** WORK ITEM **
Since only the words are wanted, reproduce every entry exactly and leave the images behind.

** EXERCISE MATERIALS **
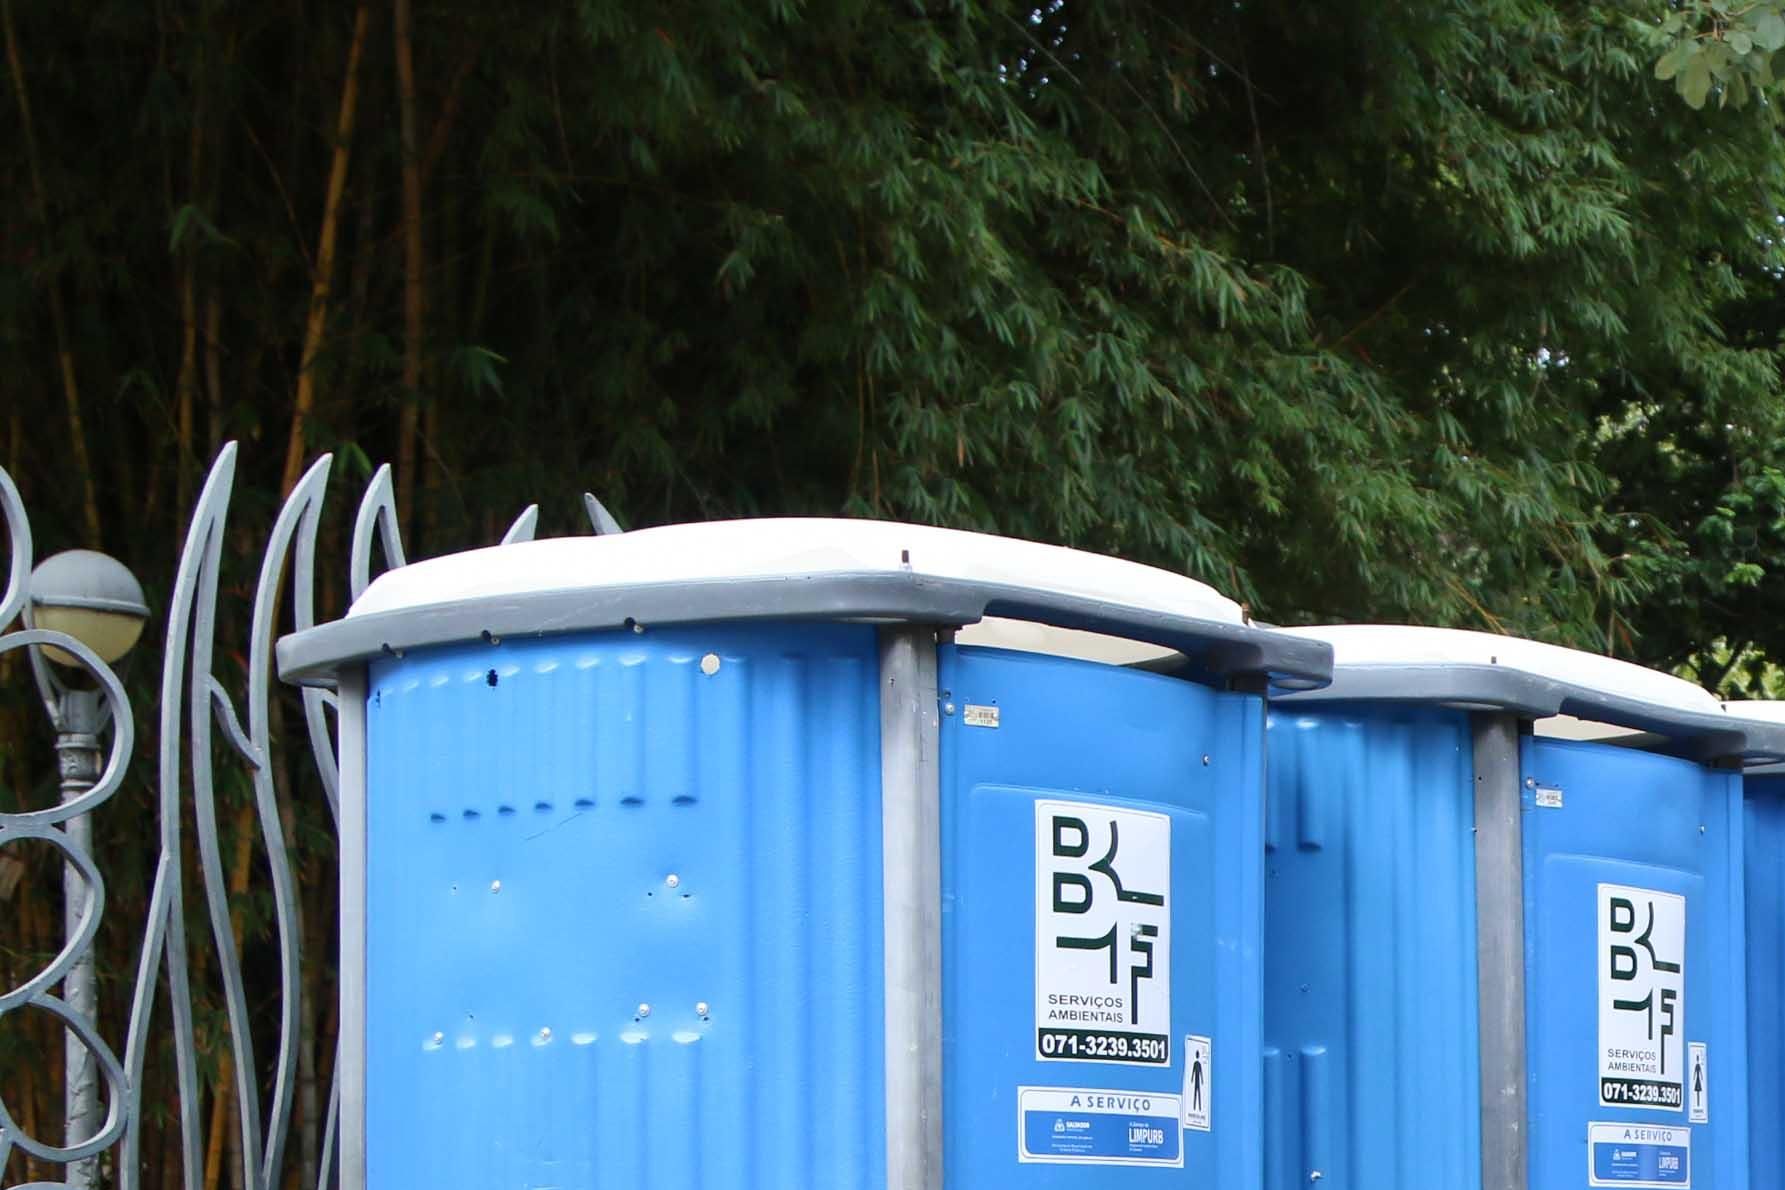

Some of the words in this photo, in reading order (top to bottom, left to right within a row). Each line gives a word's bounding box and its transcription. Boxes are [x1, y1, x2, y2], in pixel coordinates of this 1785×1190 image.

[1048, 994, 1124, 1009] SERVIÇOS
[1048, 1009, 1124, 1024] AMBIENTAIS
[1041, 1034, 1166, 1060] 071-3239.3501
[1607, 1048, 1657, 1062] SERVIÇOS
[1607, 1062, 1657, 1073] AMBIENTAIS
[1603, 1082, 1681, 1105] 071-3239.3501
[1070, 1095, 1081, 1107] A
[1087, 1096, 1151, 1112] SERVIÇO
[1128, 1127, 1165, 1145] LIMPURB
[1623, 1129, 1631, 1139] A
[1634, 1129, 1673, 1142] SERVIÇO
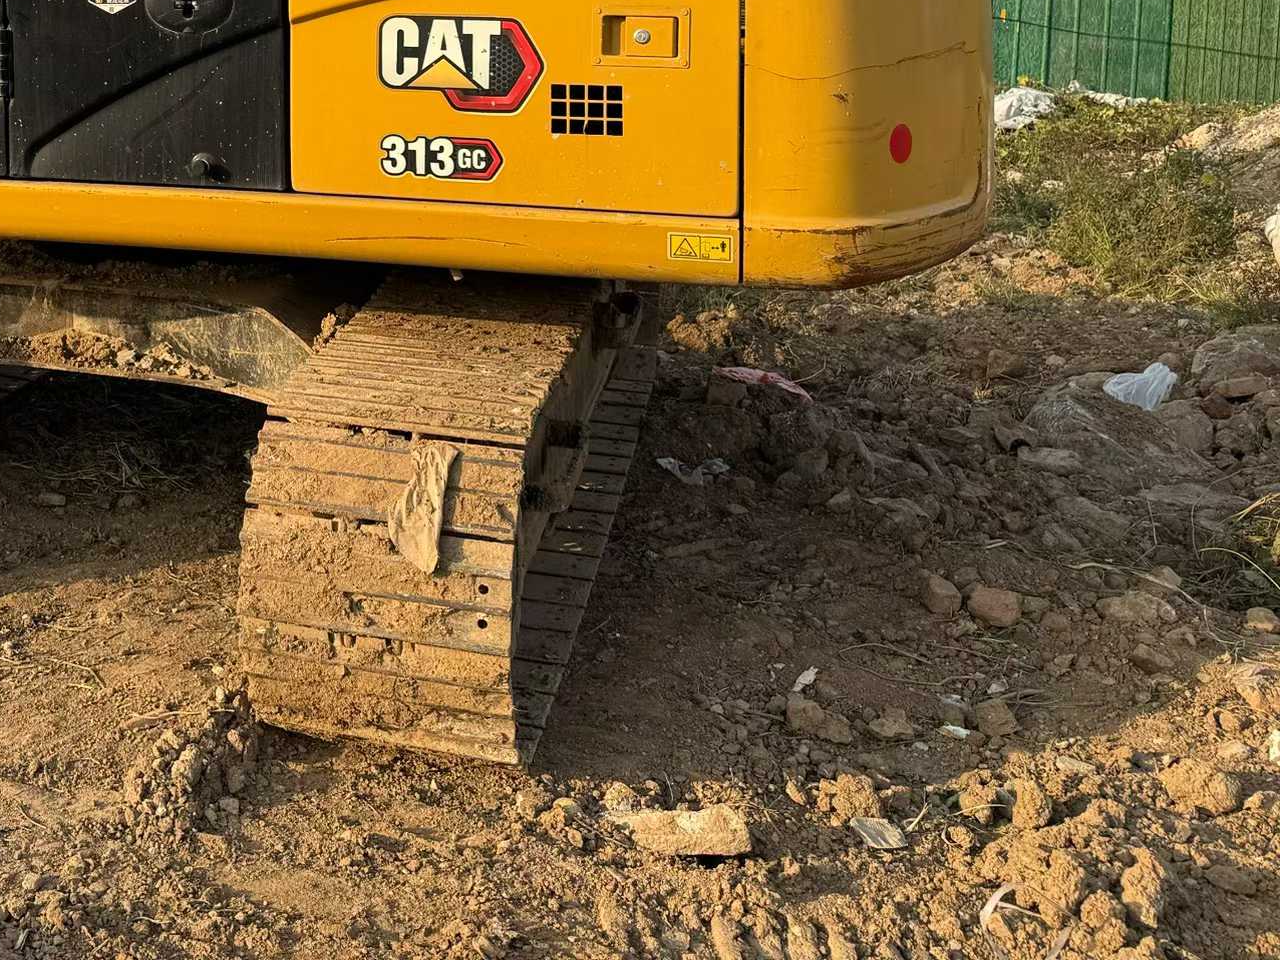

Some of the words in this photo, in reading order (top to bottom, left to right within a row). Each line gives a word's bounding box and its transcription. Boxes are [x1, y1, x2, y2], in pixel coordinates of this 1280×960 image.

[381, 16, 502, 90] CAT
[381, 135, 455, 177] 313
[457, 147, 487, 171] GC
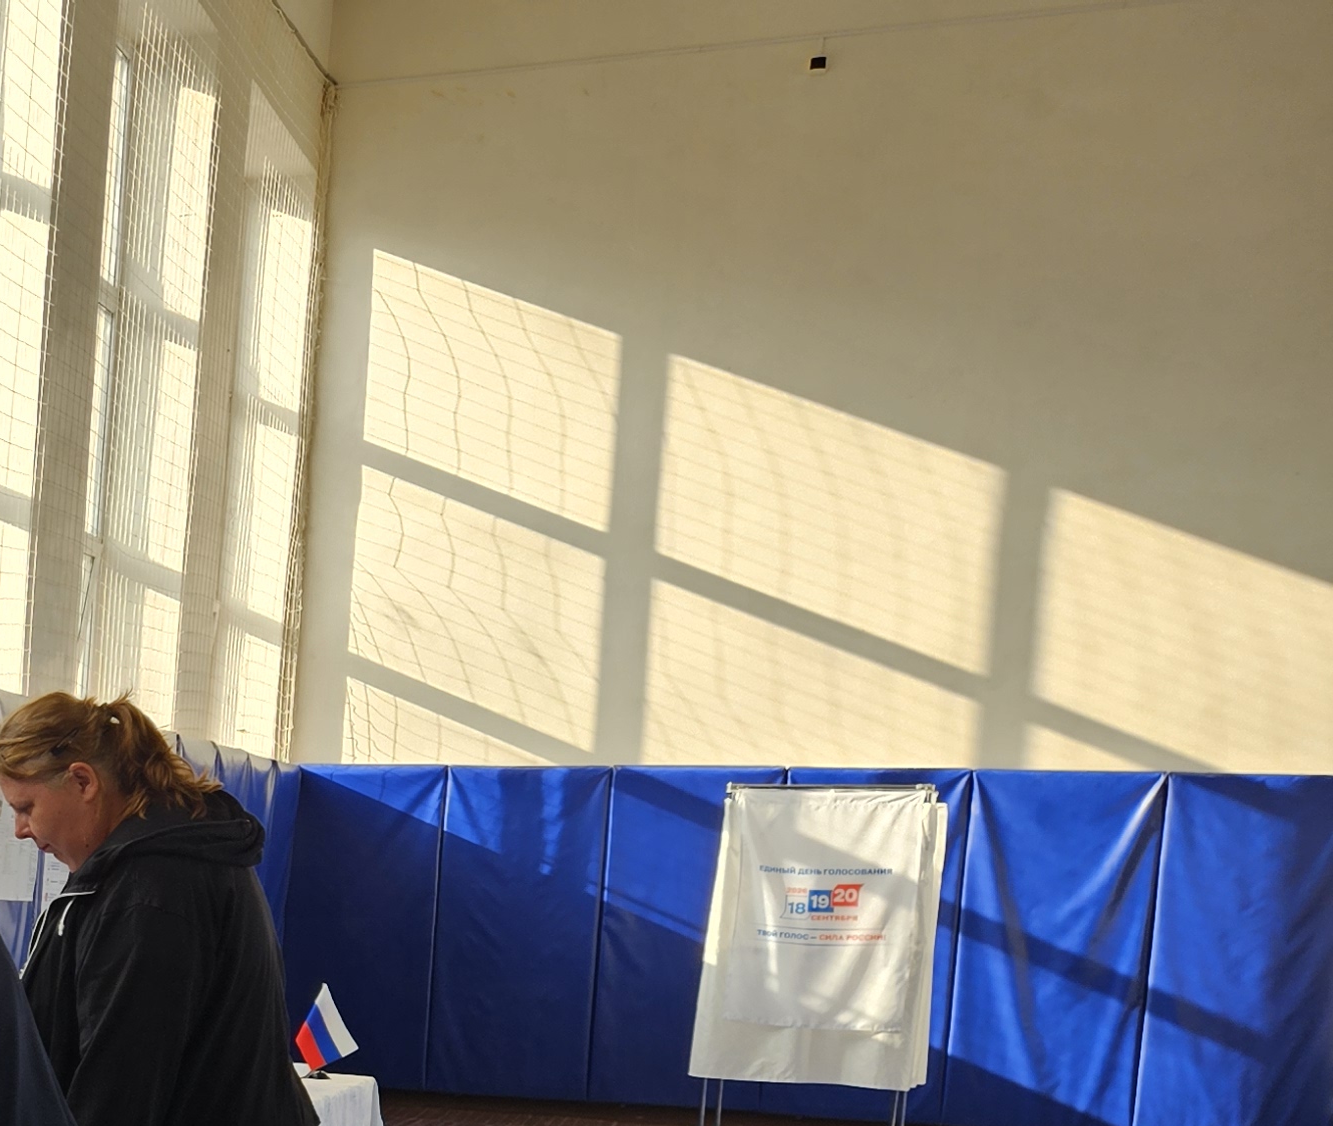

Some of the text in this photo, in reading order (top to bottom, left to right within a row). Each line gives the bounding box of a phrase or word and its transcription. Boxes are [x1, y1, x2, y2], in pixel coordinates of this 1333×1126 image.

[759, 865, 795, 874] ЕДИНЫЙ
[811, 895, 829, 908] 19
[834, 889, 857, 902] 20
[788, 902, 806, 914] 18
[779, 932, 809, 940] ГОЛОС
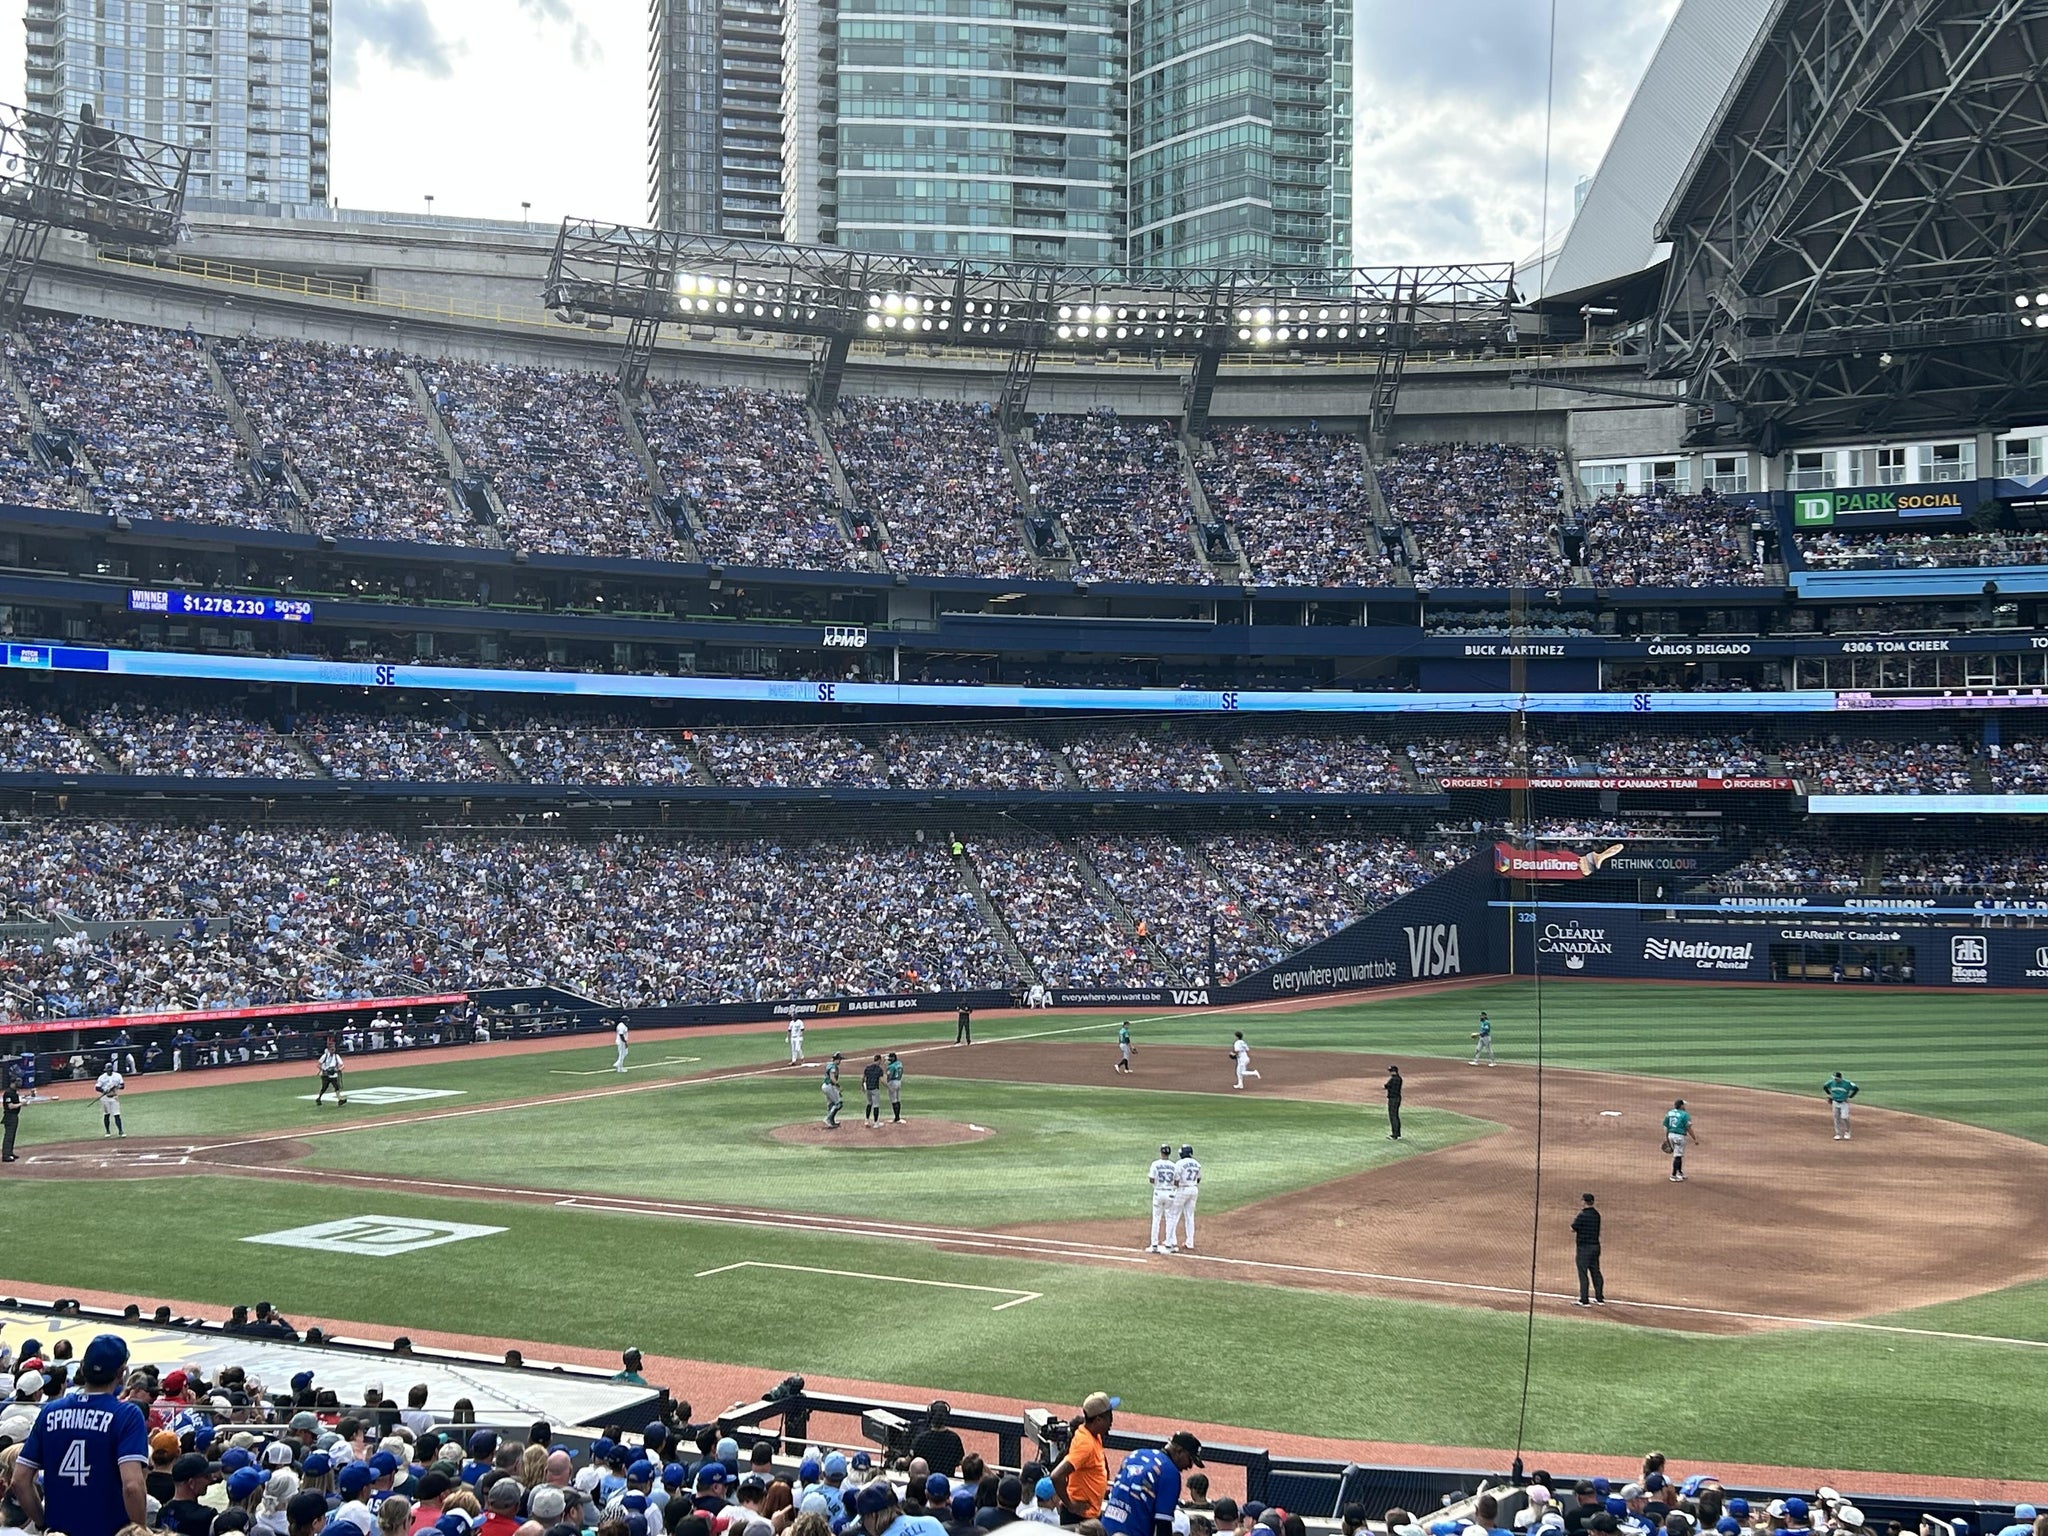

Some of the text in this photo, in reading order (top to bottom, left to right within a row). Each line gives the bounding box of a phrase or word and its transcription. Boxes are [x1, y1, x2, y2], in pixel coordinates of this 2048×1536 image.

** EXPECTED OUTPUT **
Some of the words in this photo, in reading order (top to bottom, left to right within a row). Each line gives a word's bounding box and its transcription. Boxes are [x1, y1, x2, y2], in pixel coordinates of this 1785×1190 image.

[1048, 994, 1124, 1009] SERVIÇOS
[1048, 1009, 1124, 1024] AMBIENTAIS
[1041, 1034, 1166, 1060] 071-3239.3501
[1607, 1048, 1657, 1062] SERVIÇOS
[1607, 1062, 1657, 1073] AMBIENTAIS
[1603, 1082, 1681, 1105] 071-3239.3501
[1070, 1095, 1081, 1107] A
[1087, 1096, 1151, 1112] SERVIÇO
[1128, 1127, 1165, 1145] LIMPURB
[1623, 1129, 1631, 1139] A
[1634, 1129, 1673, 1142] SERVIÇO

Some of the words in this photo, in reading order (top to bottom, left to right within a row). Each line gives a word's bounding box and its transcription. Boxes are [x1, y1, x2, y2], in pixel coordinates of this 1280×960 image.

[381, 16, 502, 90] CAT
[381, 135, 455, 177] 313
[457, 147, 487, 171] GC

Some of the text in this photo, in reading order (top to bottom, left to right within a row). Each line gives the bounding box of a phrase or word and its transcription. Boxes are [x1, y1, x2, y2], in pixel coordinates of this 1333×1126 image.

[759, 865, 795, 874] ЕДИНЫЙ
[811, 895, 829, 908] 19
[834, 889, 857, 902] 20
[788, 902, 806, 914] 18
[779, 932, 809, 940] ГОЛОС

Some of the text in this photo, in reading order (top to bottom, left to right within a row). Each line gives the bounding box of a phrase or word and its transcription. Boxes are [x1, y1, x2, y2], in pixel coordinates of this 2048×1536 image.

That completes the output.